Operation Paperclip

The search proved difficult at first. It appeared as if every Luftwaffe doctor had fled Berlin. Armstrong had a list of 115 individuals he hoped to find. At the top of that list was one of the Reich’s most important aviation doctors, a German physiologist named Dr. Hubertus Strughold. Armstrong had a past personal connection with Dr. Strughold.

 

“The roots of that story go back to about 1934,” Armstrong explained in a U.S. Air Force oral history interview after the war, when both men were attending the annual convention of the Aero Medical Association, in Washington, D.C. The two men had much in common and “became quite good friends.” Both were pioneers in pilot physiology and had conducted groundbreaking high-altitude experiments on themselves. “We had some common bonds in the sense that he and I were almost exactly the same age, he and I were both publishing a book on aviation medicine that particular year, and he held exactly the same assignment in Germany that I held in the United States,” Armstrong explained. The two physicians met a second time, in 1937, at an international medical conference at the Waldorf-Astoria hotel in New York City. This was before the outbreak of war, Nazi Germany was not yet seen as an international pariah, and Dr. Strughold represented Germany at the conference.

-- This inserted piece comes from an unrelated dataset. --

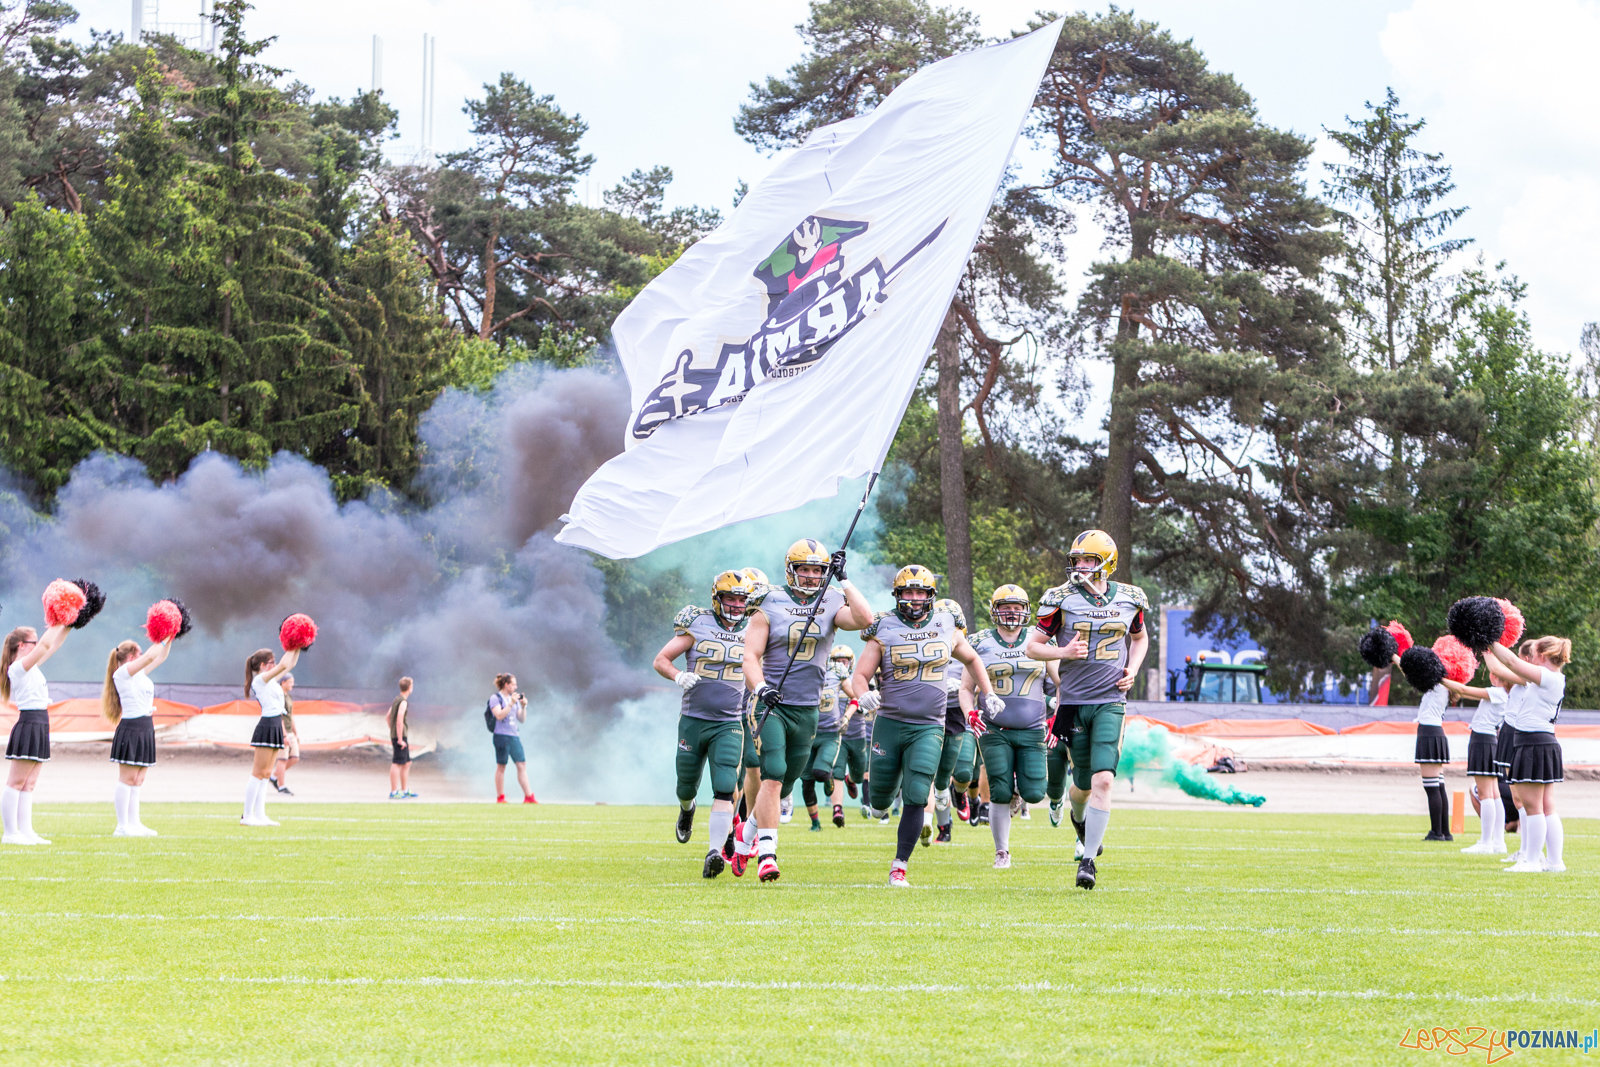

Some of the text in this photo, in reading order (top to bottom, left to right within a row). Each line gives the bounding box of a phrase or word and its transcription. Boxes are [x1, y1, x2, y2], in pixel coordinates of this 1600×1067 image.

The two physicians had even more in common in 1937. Armstrong was director of the Aero Medical Research Laboratory at Wright Field, and Strughold was director of the Aviation Medical Research Institute of the Reich Air Ministry in Berlin. Their jobs were almost identical. Now, at war’s end, the two men had not seen one another in eight years, but Strughold had maintained the same high-ranking position for the duration of the war. If anyone knew the secrets of Luftwaffe medical research, Dr. Hubertus Strughold did. In Berlin, Harry Armstrong became determined to find him.

 

One of the first places Armstrong visited was Strughold’s former office at the Aviation Medical Research Institute, located in the fancy Berlin suburb of Charlottenburg. He was looking for leads. But the once-grand German military medical academy, with its formerly manicured lawns and groomed parks, had been bombed and was abandoned. Strughold’s office was empty. Armstrong continued his journey across Berlin, visiting universities that Strughold was known to be affiliated with. Every doctor or professor he interviewed gave a similar answer: They claimed to have no idea where Dr. Strughold and his large staff of Luftwaffe doctors had gone.

 

At the University of Berlin, Armstrong finally caught a break when he came across a respiratory specialist named Ulrich Luft, teaching a physiology class to a small group of students inside a wrecked classroom. Luft was unusual-looking, with a shock of red hair. He was tall, polite, and spoke perfect English, which he had learned from his Scottish mother. Ulrich Luft told Harry Armstrong that the Russians had taken everything from his university laboratory, including the faucets and sinks, and that he, Luft, was earning money in a local clinic treating war refugees suffering from typhoid fever. Armstrong saw opportunity in Luft’s predicament and confided in him, explaining that he was trying to locate German aviation doctors in order to hire them for U.S. Army–sponsored research. Armstrong said that, in particular, he was trying to find one man, Dr. Hubertus Strughold. Anyone who could help him would be paid. Dr. Luft told Armstrong that Strughold had been his former boss.

 

According to Luft, Strughold had dismissed his entire staff at the Aviation Medical Research Institute in the last month of the war. Luft told Armstrong that Strughold and several of his closest colleagues had gone to the University of G?ttingen. They were still there now, working inside a research lab under British control. Armstrong thanked Luft and headed to G?ttingen to find Strughold. Whatever the British were paying him, Armstrong figured he would be able to lure Strughold away because of their strong personal connection. There was also a great deal of money to be made pending the authorization of the new research laboratory. Armstrong and Grow’s plan meant hiring more than fifty Luftwaffe doctors. There was a lot of work to be had, not just for Strughold but for many of his colleagues as well.

 

A great drama was now set in motion owing to the fact that there was a second army officer also looking for Dr. Hubertus Strughold—a medical war crimes investigator and physician named Major Leopold Alexander. Dr. Strughold’s name had been placed on an army intelligence list of suspected war criminals with the Central Registry of War Criminals and Security Suspects, or CROWCASS. Major Alexander was on a mission to locate him.

 

It is not known if Armstrong was aware of the allegations against Strughold and chose to ignore them or if he was in the dark as to Strughold’s having been placed on the CROWCASS list. But as Armstrong forged ahead with plans to hire Dr. Strughold and to make him a partner in the U.S. Army Air Forces laboratory, he did so in direct violation of the policy that had just been set by the War Department. German scientists could be hired for U.S. military contract work “provided they were not known or alleged war criminals.” The CROWCASS allegations against Dr. Strughold were serious. They included capital war crimes.